Led by optometrist and Optometry Australia staff member Sophie Koh, the lyrics of the song were a composition of members’ thoughts and feelings about this weird time in the world. And so, ‘We are here’ was born.

And we’re still here, wanting to highlight some of the talented members who took part.

Each week we will feature some members’ words, photos and videos and share their thoughts about music and the project.

“If music be the food of love, play on.”, William Shakespeare

 

Tsu Shan Chambers from NSW (29 January 2021)

  • What is your relationship with performing/music/singing/being creative?

For the past 6 years, I’ve also been working as a professional actor, screenwriter and producer.  People tend to raise an eyebrow when they discover I’m also an Optometrist!

  • What triggered you to put your hand up for this project? What hurdles/discoveries/good things did you experience ?

How could I not?  A brilliant idea!  Was SO great to see the talents of other fellow colleagues and hopefully raise people’s spirits.  We are not just nerds working in a box!

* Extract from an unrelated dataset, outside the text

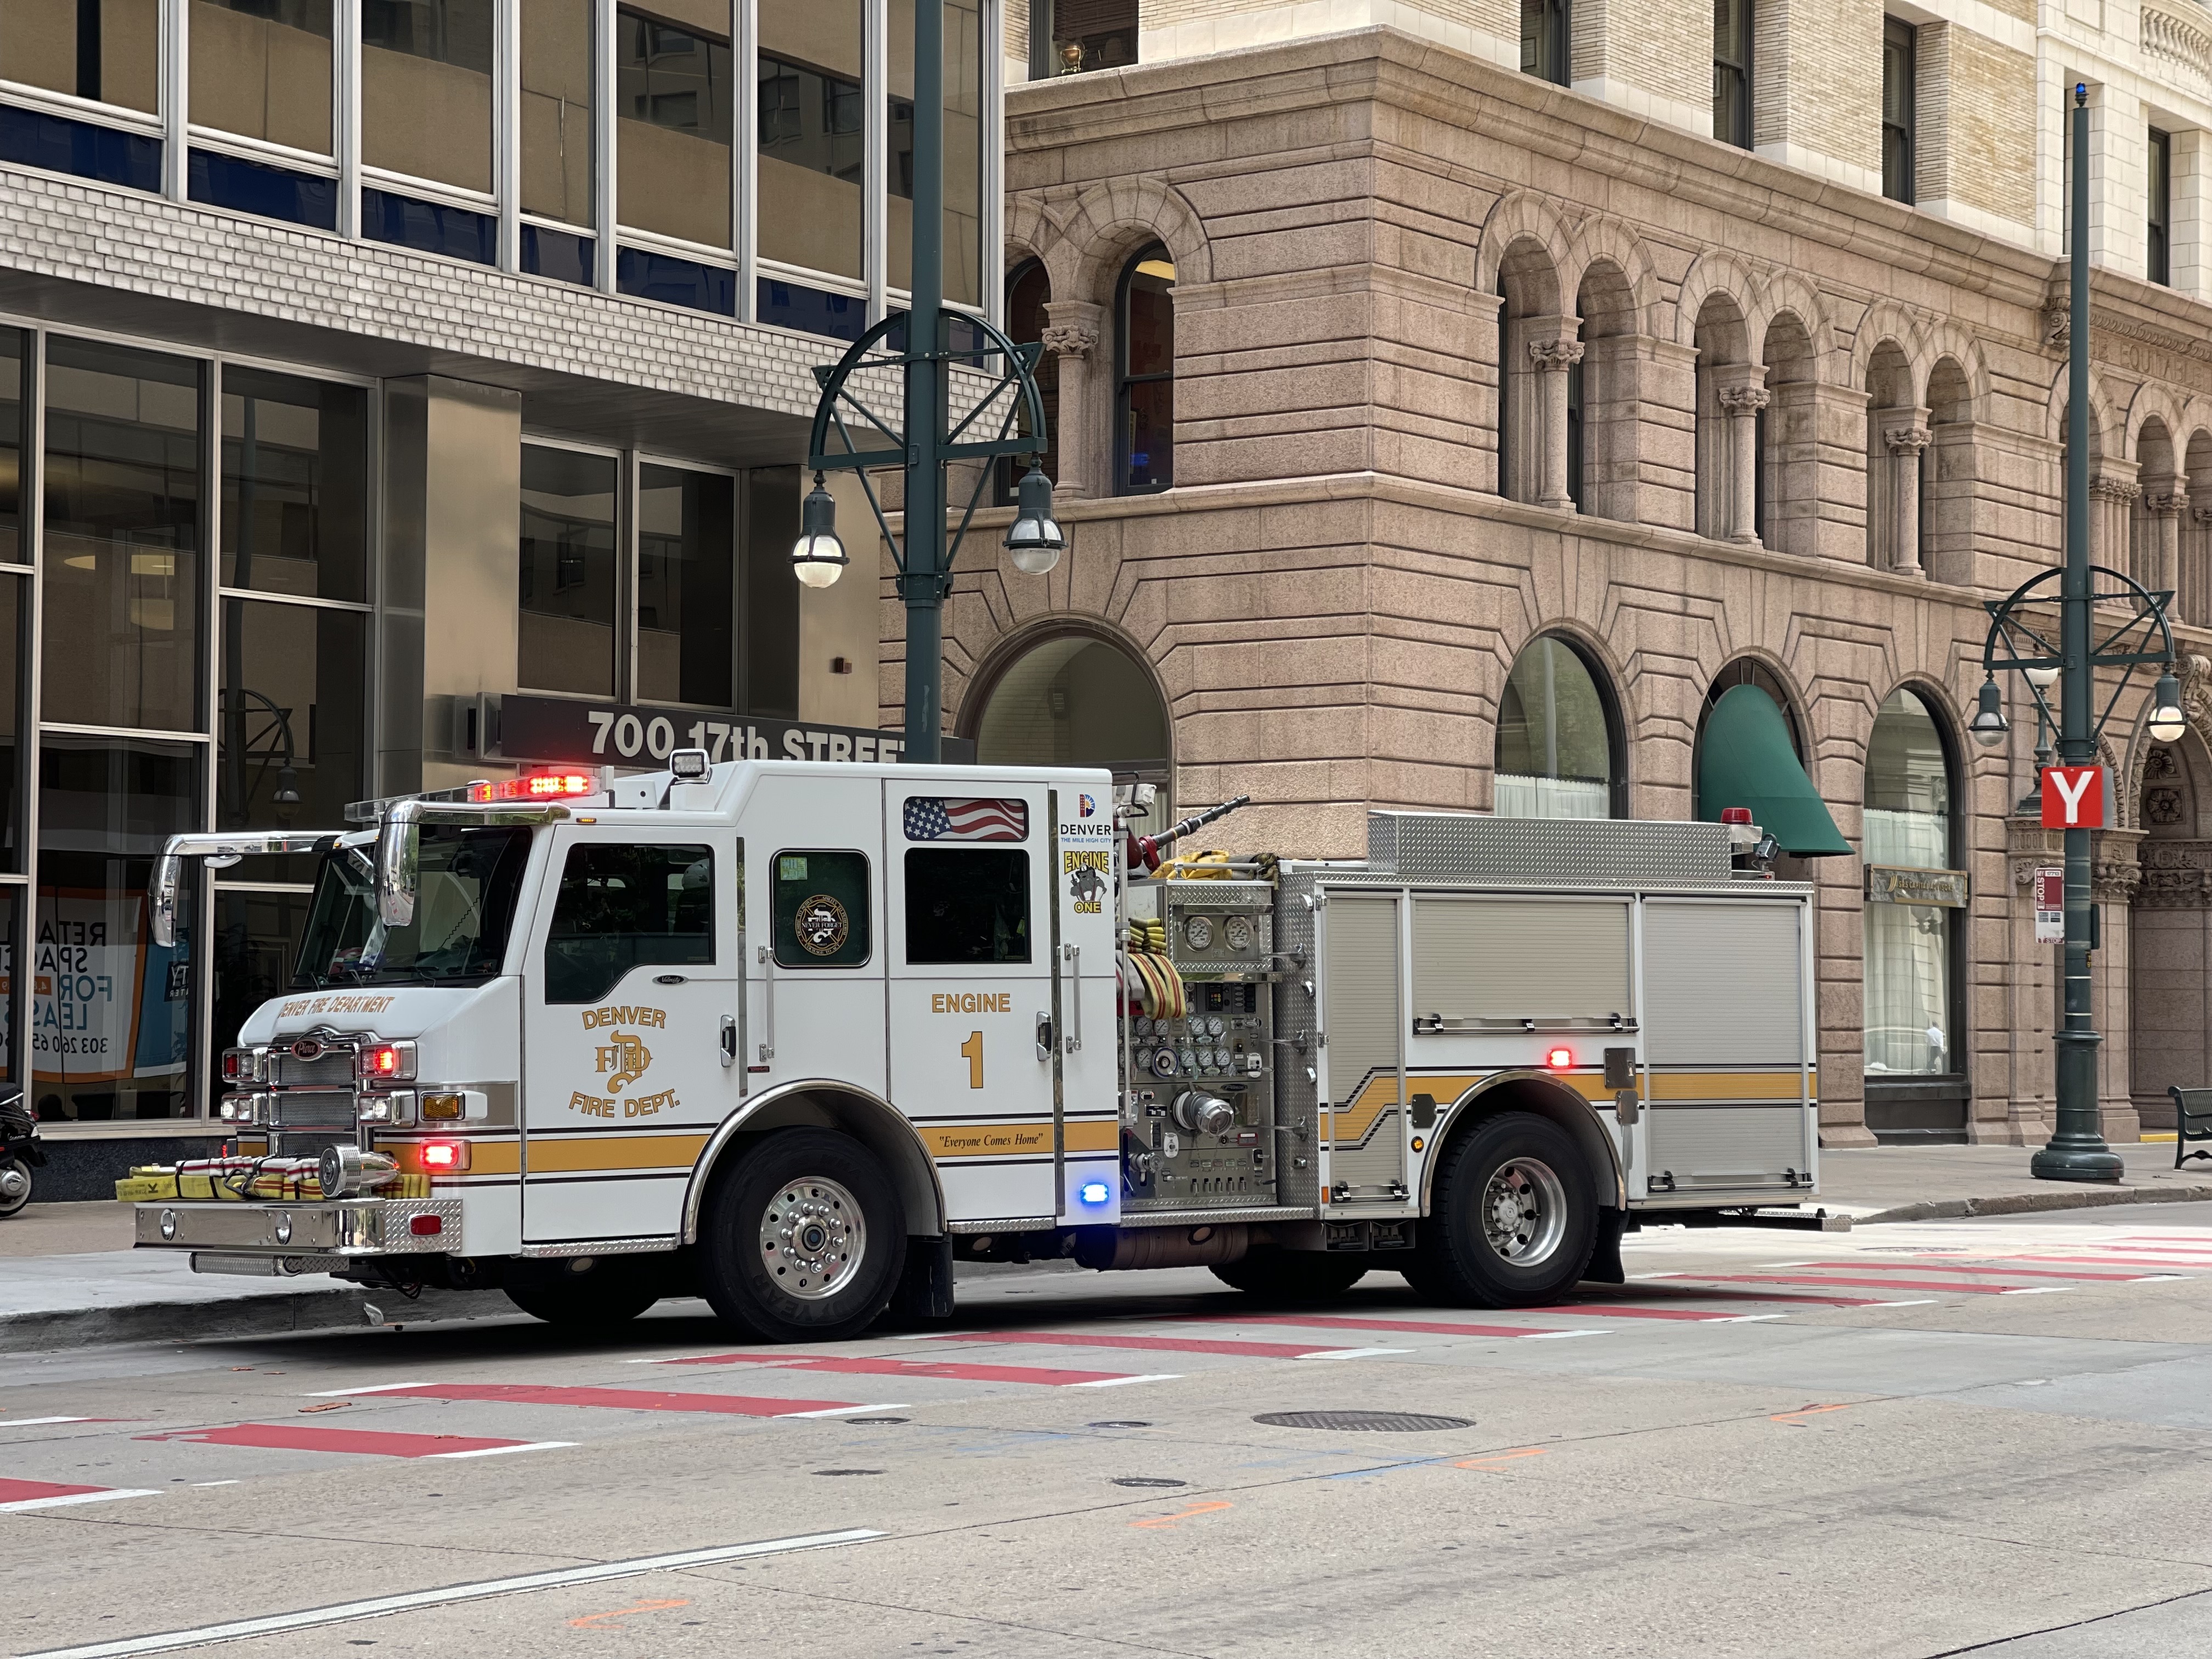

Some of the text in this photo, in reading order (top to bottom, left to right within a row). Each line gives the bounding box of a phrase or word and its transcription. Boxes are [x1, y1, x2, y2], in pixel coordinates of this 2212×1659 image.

  • Anything else you’d like to share? Any messages for the world/colleagues right now?

Grateful for this year, and all that it has become – the good and the challenging.  The feature film I produced, UNSOUND (https://www.unsoundmovie.com/) has been nominated as ‘Best Indie Feature’ at the AACTA awards and will be heading to cinemas early next year.  On my slate is another romance drama feature inspired by my experiences when I volunteered at the Sydney 2000 Paralympic Games and worked with the visually impaired judo athletes.  In this film, I want to raise awareness about visual impairments in the broader community, who can be better informed and motivated to support greater inclusion, equity and diversity.

 

Judy Kwan from NSW (16 October 2020)

  • What is your relationship with performing/music/singing/being creative?

I enjoy arts and crafts, particularly activities which require meticulous attention to detail. As a result, I also enjoy listening to the intricacies and nuances within music. I enjoy a large variety of music but particularly like musicals and classical music.  Growing up among 3 other siblings, I was only given the opportunity to learn to play the piano when I was 13. To this day, although I’m not an expert, I continue to listen to music and play the piano as a form of relaxation.

  • What triggered you to put your hand up for this project? What hurdles/discoveries/good things did you experience ?

I put my hand up to the project because I wanted to step outside my comfort zone and have a bit of fun with colleagues who are like-minded. I also wanted to stretch myself beyond the routine work that I was doing during the COVID pandemic.  At the end of filming, it was very rewarding to show my children that making a video of ourselves can be fun and that they could do this too.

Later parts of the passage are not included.